3. Click OK to continue.
4. Wait for the server to restart.
5. After the server restarts, you will be prompted to join a cluster.
6. Enter the DNS name or the IP address of one of the machines in the cluster. For instance, if this is
the second host you are installing, you can enter the DNS name of the first host you installed.
7. Click OK.
8. You will be prompted for an admin username and password. You can use the admin username and
password you created when installing the first host. Click OK.
9. Select a Group to assign this host. Click OK.
10. Click OK to confirm that you are joining the cluster.
11. You have now joined the cluster.
12. Click OK to transfer the cluster configuration information.
You have completed the process to join a cluster and will now see the Admin Interface.
Leaving a Cluster and Becoming a Single Host
If your host is currently in a cluster of multiple hosts, and you would like to leave the cluster and
switch to a single host environment, follow the steps in this section.
A host cannot leave a cluster if there are still forests assigned to it or if it has any foreign clusters
associated with it; you must delete all forests assigned to the host and de-couple any clusters
associated with a host before you can leave the cluster. However, you can delete the configuration
only for a forest and the forest data will remain on the filesystem, allowing you to add the forest
back to the host after changing the configuration. For instructions on adding a forest to a host, see
the Administrator's Guide.
Perform the following steps to leave the cluster to which a host is connected.
1. Run the Admin Interface from the host you want to remove from the cluster.
2. Click the Hosts icon in the left menu tree. The Host Summary page appears.

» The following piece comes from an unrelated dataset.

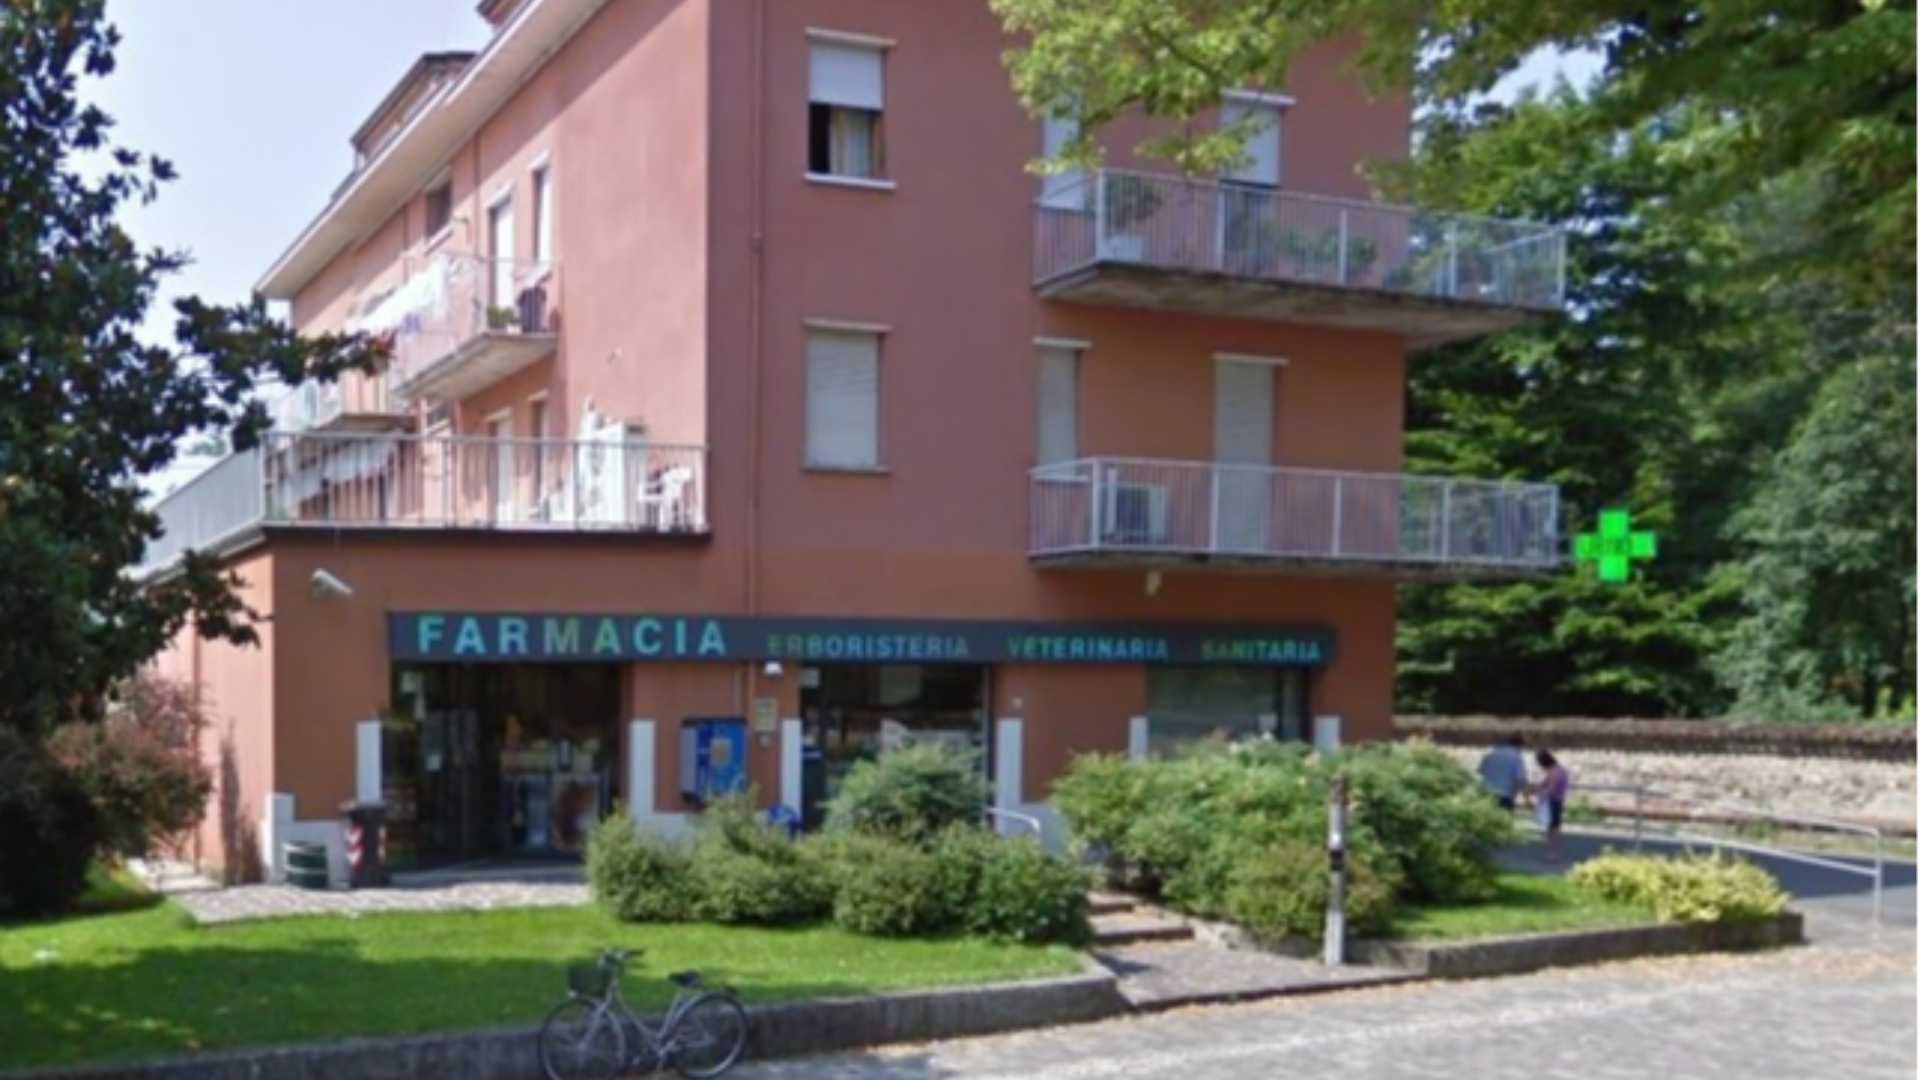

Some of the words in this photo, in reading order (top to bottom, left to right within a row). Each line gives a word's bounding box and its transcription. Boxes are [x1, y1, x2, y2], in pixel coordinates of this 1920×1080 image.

3. Click the name of the host you want to remove from the cluster, either from the left menu tree or
from the Host Summary page. The Host Configuration page appears:
The Leave button only appears if the Admin Interface is running from this host.
4.
5.
6.
7.
Click the Leave button
Click OK to confirm leaving the cluster.
The host restarts to load the new configuration.

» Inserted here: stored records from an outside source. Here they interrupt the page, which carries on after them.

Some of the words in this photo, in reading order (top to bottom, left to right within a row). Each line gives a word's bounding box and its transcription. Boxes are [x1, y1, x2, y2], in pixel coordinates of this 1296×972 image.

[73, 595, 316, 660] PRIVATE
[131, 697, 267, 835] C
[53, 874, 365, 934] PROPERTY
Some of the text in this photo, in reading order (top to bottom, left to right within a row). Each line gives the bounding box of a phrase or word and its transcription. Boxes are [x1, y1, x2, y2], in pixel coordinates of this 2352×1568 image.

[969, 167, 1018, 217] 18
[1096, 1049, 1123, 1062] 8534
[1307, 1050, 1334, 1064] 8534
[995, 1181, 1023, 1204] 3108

Follow the instructions in sections 'Configuring a Single Host or the First Host in a Cluster' or
'Configuring an Additional Host in a Cluster' as appropriate.
Entering a License Key
Marklogic will run without a license key, but you should enter a valid key for what you are licensed
for after installing Marklogic. At any time, you can change the license key for a host from the Host
Status page. You might need to change the license key if your license key expires, if you need to
use some features that are not covered in your existing license key, if you upgrade your hardware
with more CPUs and/or more cores, if you need a license that covers a larger database, if you
require different languages, or for various other reasons. Changing the license key sometimes
results in an automatic restart of Marklogic (for example, if your new license enables a new
language).
To change the license key for a host, perform the following steps using the Admin Interface:
1. Click the Hosts icon on the left tree menu.
2. Click the name of the host in which contains you want to change the license key, either on the tree
menu or the summary page. The Host Configuration page appears.
3. Click the Status tab. The Host Status page appears.
4. Click the License Key button. The License Key Entry page appears.
5. Enter your new license key information. For information about licensing of Marklogic Server,
contact your Marklogic sales representative.
6. After entering valid information in the Licensee and License Key fields, click OK. If it needs to,
Marklogic will automatically restart, and the new license key will take effect.
Checking for the Correct Software Version
After logging in with your admin username and password, the Admin Interface appears. In the left
corner of the Admin Interface, the version number and product edition are displayed.
To view more details about the release of Marklogic Server that is installed and licensed, complete
the following steps:
1. Click the Hosts icon on the left tree menu.
2. Select the name of the host you just installed, either from the left menu tree or from the Host
Summary page.
3. Click the Status tab. The Host Status page appears.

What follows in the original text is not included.